As history would show, these sides would go on to make the 2019 NAB League Grand Final, with Oakleigh Chargers getting up and winning the premiership in terrific style.

Q&A: Eddie Ford (Western Jets/Vic Metro)

AS the postponement of all seasons commenced over the last few weeks, we head back to the pre-season a few weeks earlier where we sat down with a number of athletes across the country. In a special Question and Answer (Q&A) feature, Draft Central‘s Michael Alvaro chatted with Western Jets’ Eddie Ford at the NAB League Fitness Testing Day hosted by Rookie Me.

MA: Sitting out this one, what’s going on?

EF: “I just got a little injury in my knee. “It’s under the ACL category, but it’s not a major one, it’s like an ACL stretch. So it’s a week or two or whatever, it’s nothing serious. “Just taking this one pretty easily and just resting for Round 1.”

How’s the preseason been for you?

“It’s been a bit odd for me. “I’ve had a couple of injuries, so this is the second lot of time I’ve done this type of injury. “I’ve done it once in the Metro camp earlier in the year and a couple of ankle injuries in December, so I’ve had a few hiccups but I think my fitness is still up to the level and obviously we’ve got to keep building back up. It’s been a bit interrupted, but it’s been fine.”

How’d you rate your bottom-age year?

“I was lucky enough to be a part of the Vic Metro program as a bottom-ager last year so that was a really good experience, getting around all the boys who got drafted this year which was awesome. “They’ve all got really good standards and they go about it really well so that gave me a goal to look towards. “Especially the blokes who got drafted pretty high, Matty Rowell and Noah Anderson. “They go about it really well and that was really good for me because I was able to play a few practice matches. “I wasn’t able to get into the squad unfortunately but it was good. “The Jets as a bottom-ager was pretty good. “Played most games for them and it was really good.”

Speaking of good standards, you trained at Collingwood over the off-season as part of the Vic Metro hub, what was that like?

“Yeah that was really good. “That was just before Christmas and that was like even a bigger step up to see how they go about it. “Especially their preparation and recovery, it’s just unreal. “They put so much effort into that and anything to get their body right. “It was pretty good to get around all the boys like Scotty Pendlebury and Brodie Grundy.”

What AFL team do you support?

“I go for St Kilda, so probably not the best place to be at Collingwood, but it was good.”

Back on the topic of Vic Metro, which teammates are you looking forward to playing alongside this year?

“So hopefully Raaky – Cody Raak from the Jets – is still there, he’s a good mate of mine from the Jets. Bailey Laurie from Oakleigh is a really good bloke, he’s quite funny. “I’ve roomed with him at one of the camps recently, and yeah all the blokes are pretty good around there. “They all have good interests and all want to play well, so it’s good.”

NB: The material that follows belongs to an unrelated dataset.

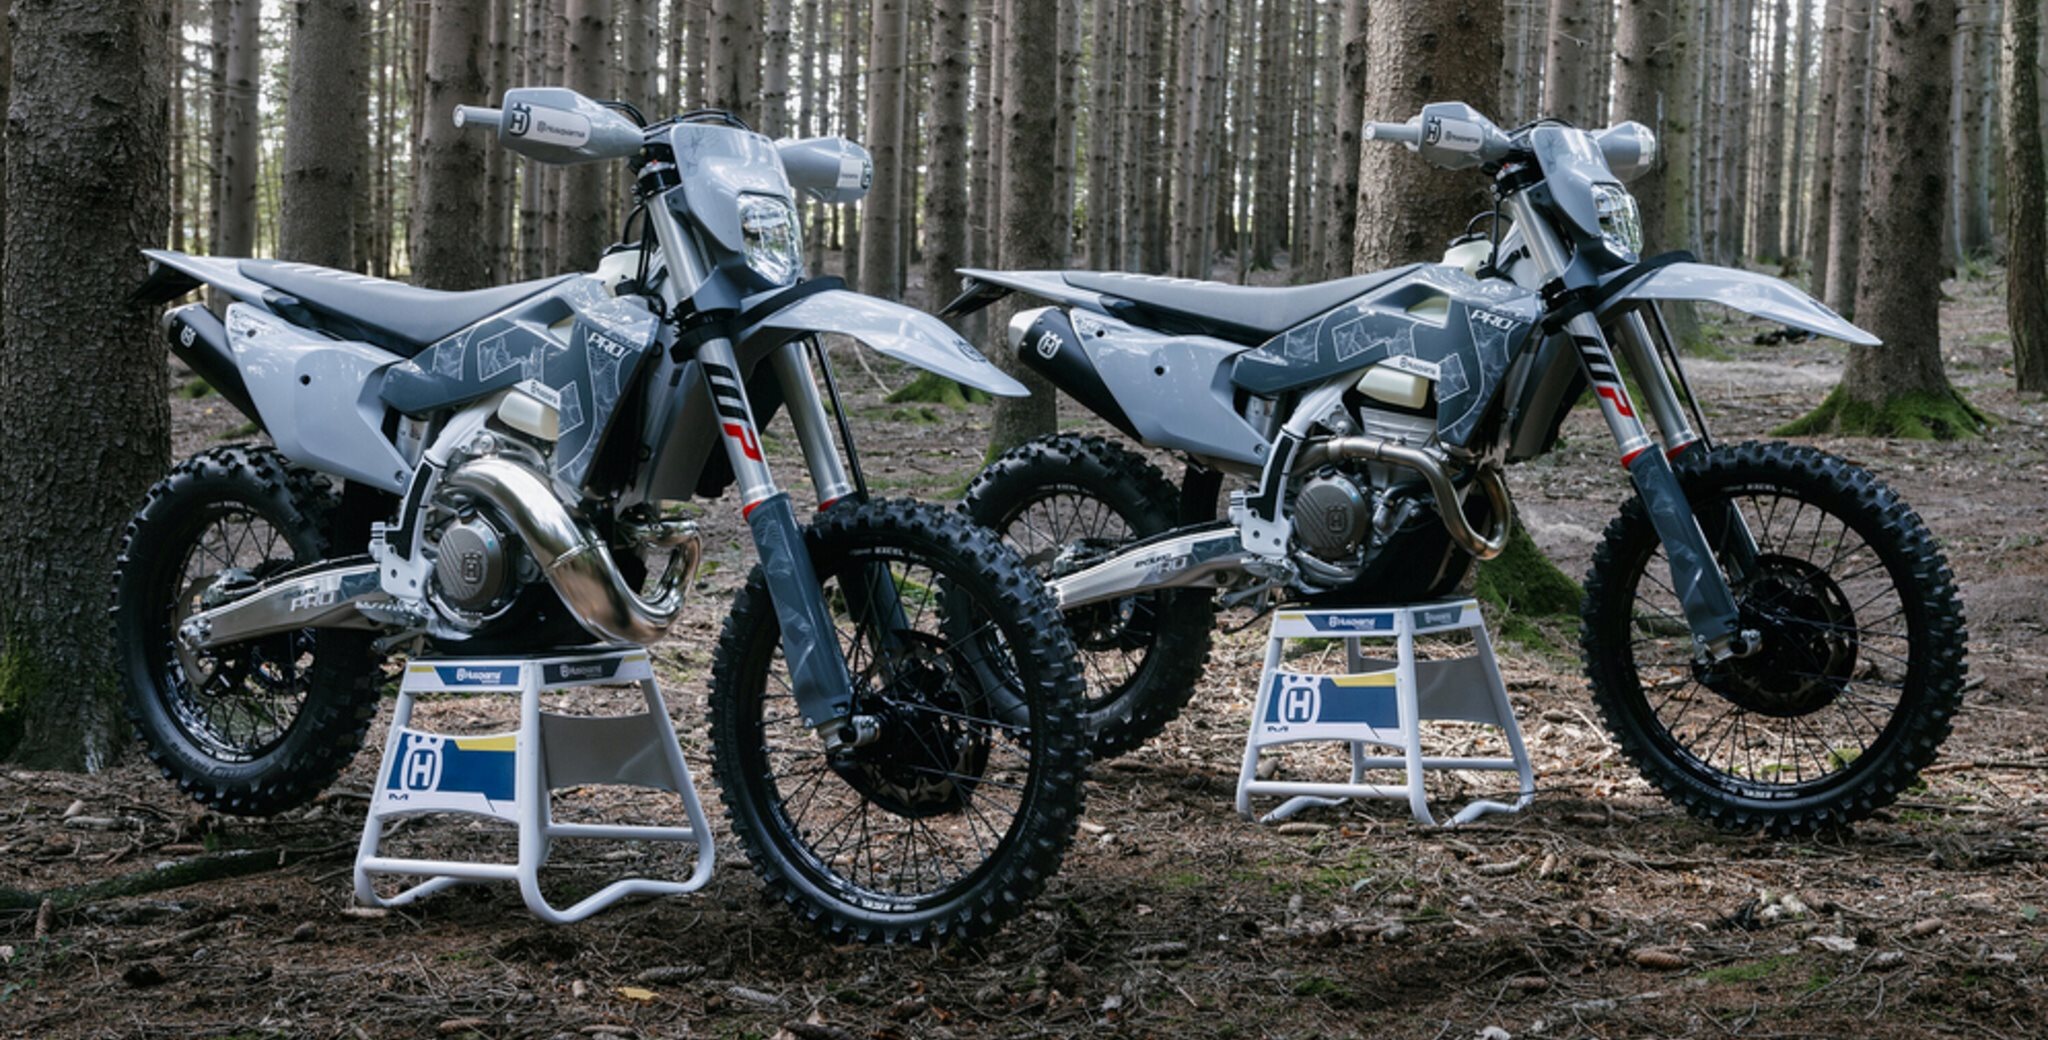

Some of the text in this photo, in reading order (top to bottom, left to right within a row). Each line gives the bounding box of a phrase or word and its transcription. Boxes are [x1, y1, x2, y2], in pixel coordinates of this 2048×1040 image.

On the field, you played that half-forward role a fair bit last year, what position are you looking to play in 2020?

“I’m trying to go out and get a bit of a kick in the midfield, so I’m looking to play there a bit more. “That sort of role where you play midfield, rest in the forward and if the team needs some drive I can try to be that one that gets the ball forward. “But yeah I think midfield for me is an aim, to play a bit more of it as a top ager.”

You’ve got a fair bit of athleticism about you, particularly when it comes to marking, what strengths do you think you can show in the midfield?

“I like to think I’ve got a bit of X-factor about me that I can do some things that are pretty odd at times, but it’s good. I just keep bringing that X-factor. “The high marking sometimes, so I can go down forward and take a big grab and hit the scoreboard as much as I can as well which should be good.”